Drug resistance which is at present the main impendence to global tuberculosis (TB) control and drug- resistant (DR) activity of Mycobacterium tuberculosis in various strains have become the major challenge worldwide. Nowadays, many researchers use different antibiotics for treatment of DR-TB which are often not well tolerated and not adequately efficient. A large group study from various research published in different time described a treatment regimen for multidrug-resistant tuberculosis (MDR-TB) including Clofazimine (CFZ) as high incidence against MDR-TB; whereas the therapeutic ways are still limited, the main strategy for treatment of DR-TB is to repurpose existing anti- mycobacterial agents. CFZ is one such drug that has recently devoted interest against DR-TB. CFZ is a fat-soluble riminophenazine dye used in the treatment of TB, HIV, and leprosy co-infected people worldwide.

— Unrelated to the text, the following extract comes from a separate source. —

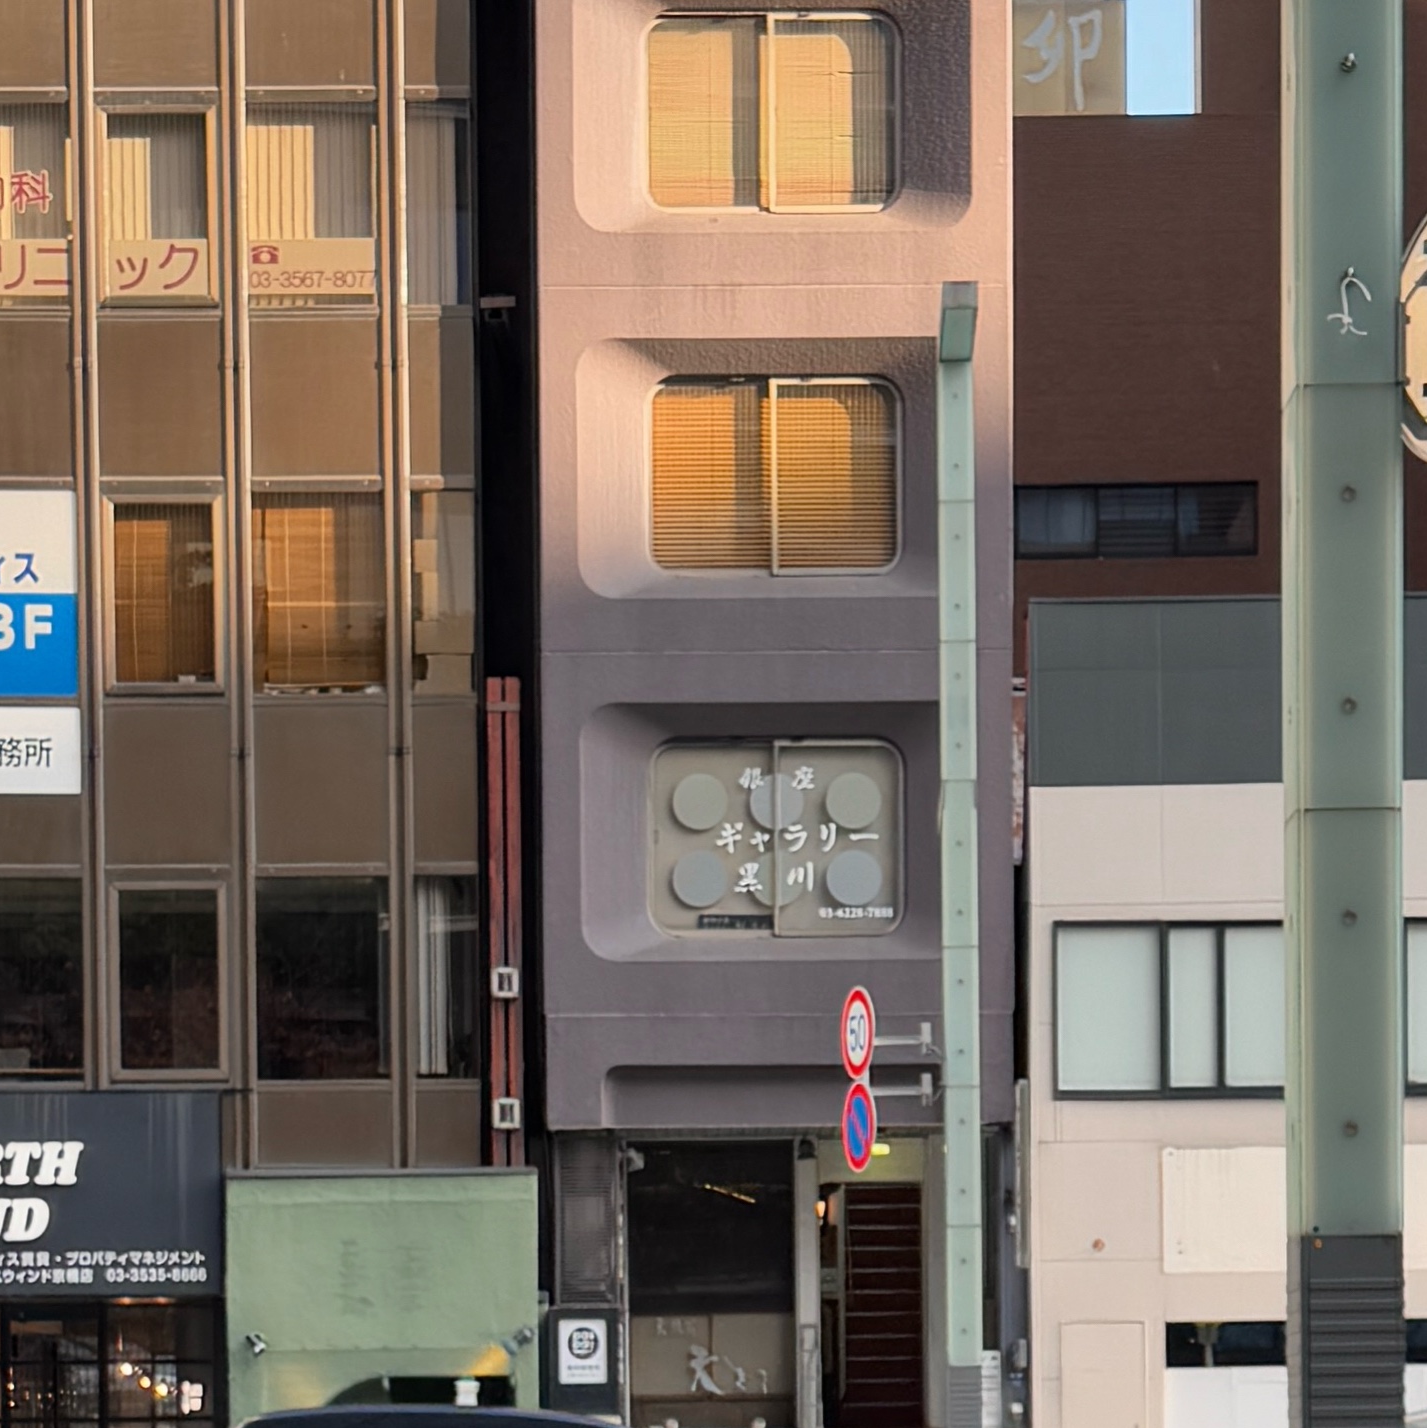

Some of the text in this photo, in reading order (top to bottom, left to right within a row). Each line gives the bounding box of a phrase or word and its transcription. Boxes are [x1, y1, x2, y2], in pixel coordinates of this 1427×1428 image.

Clofazimine has shown action against MDR TB and which is now recommended by the WHO to treat drug resistant tuberculosis as a therapeutic agent with “unclear efficacy”. Although the mode of action and molecular mechanism of CFZ are not yet entirely understood, it has been exposed that outer membrane is its primary action site, an extensive number of mutant resistant to clofazimine and found mutations in rv0678 to be the most prominent mechanism of clofazimine resistance and the respiratory chain and ion transporters are the putative targets. This study discussed the comprehensive report, action and molecular reactivity of CFZ, and provides new acuteness into the clinical conduct of this drug.

Key words: Clofazimine, background, mode of action, molecular mechanism.